→ Instructions to follow:
Would you please reproduce all the entries exactly, leaving the pictures out?
---+---
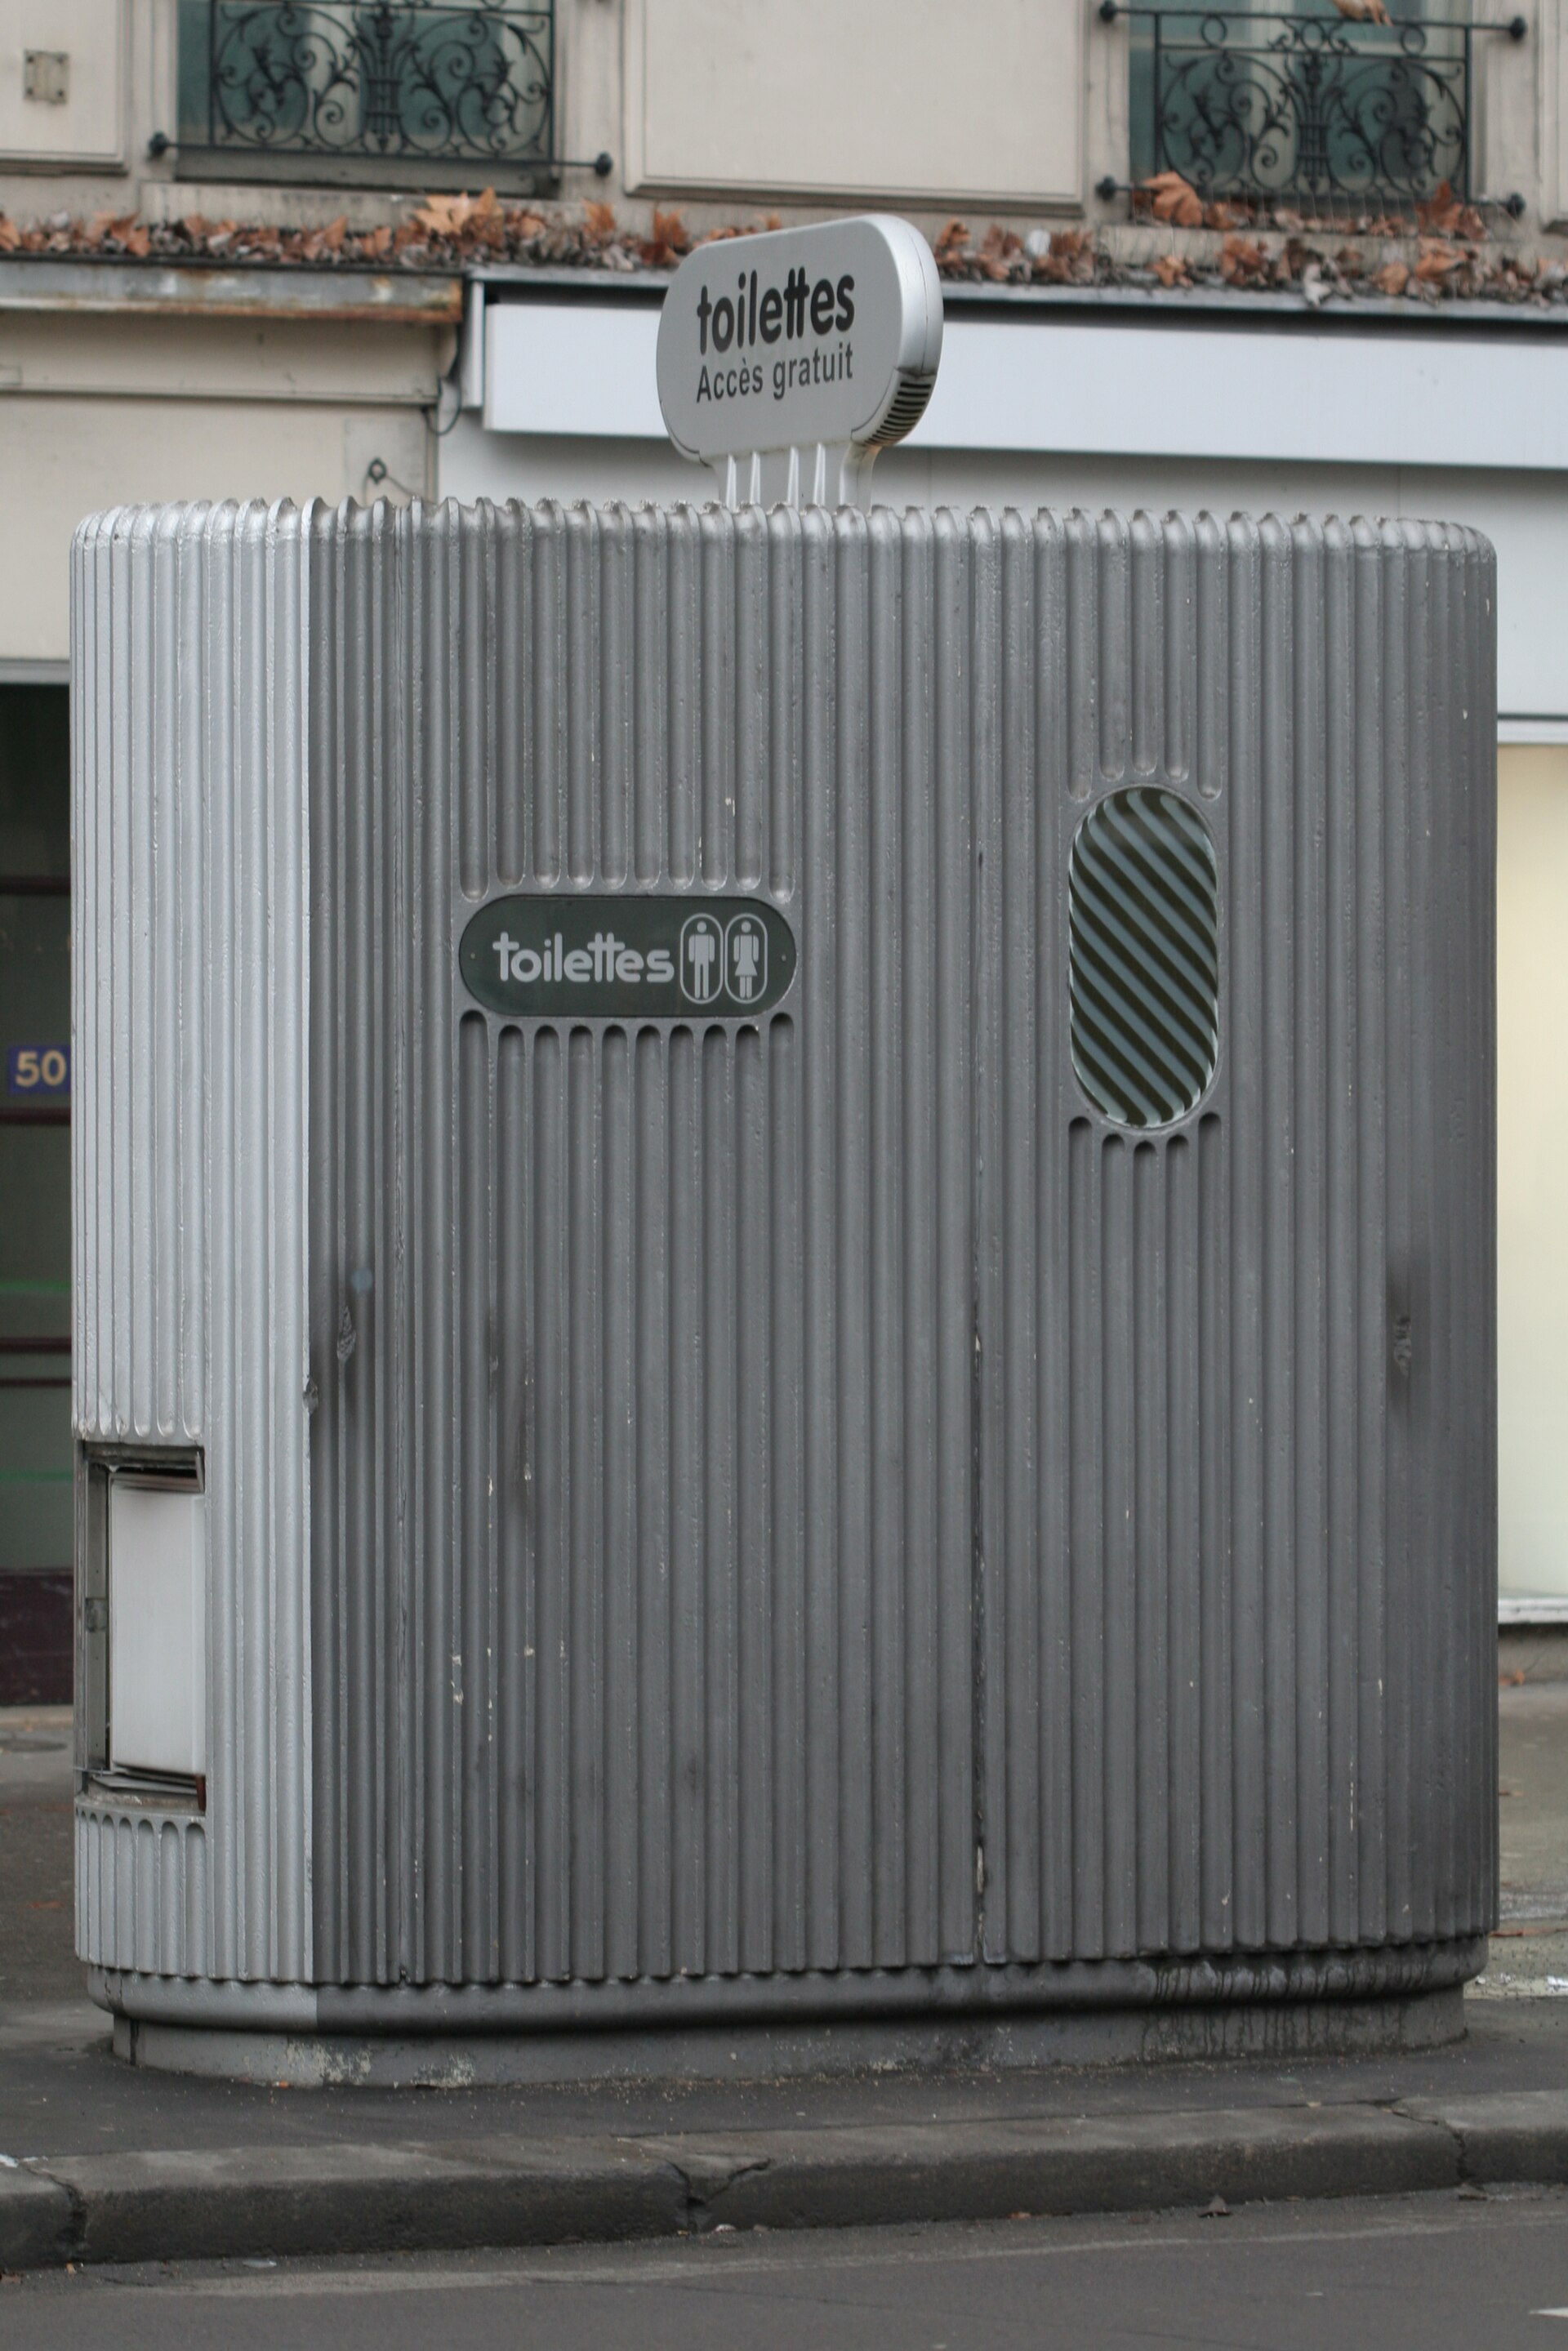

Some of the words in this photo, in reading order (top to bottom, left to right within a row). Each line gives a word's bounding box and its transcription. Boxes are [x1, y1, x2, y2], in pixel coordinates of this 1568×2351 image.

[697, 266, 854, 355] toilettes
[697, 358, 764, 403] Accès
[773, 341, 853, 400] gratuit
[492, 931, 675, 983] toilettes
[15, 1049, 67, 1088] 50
---+---
→ Task result:
Some of the words in this photo, in reading order (top to bottom, left to right within a row). Each line gives a word's bounding box and its transcription. Boxes are [x1, y1, x2, y2], in pixel coordinates of this 1568×2351 image.

[697, 266, 854, 355] toilettes
[697, 358, 764, 403] Accès
[773, 341, 853, 400] gratuit
[492, 931, 675, 983] toilettes
[15, 1049, 67, 1088] 50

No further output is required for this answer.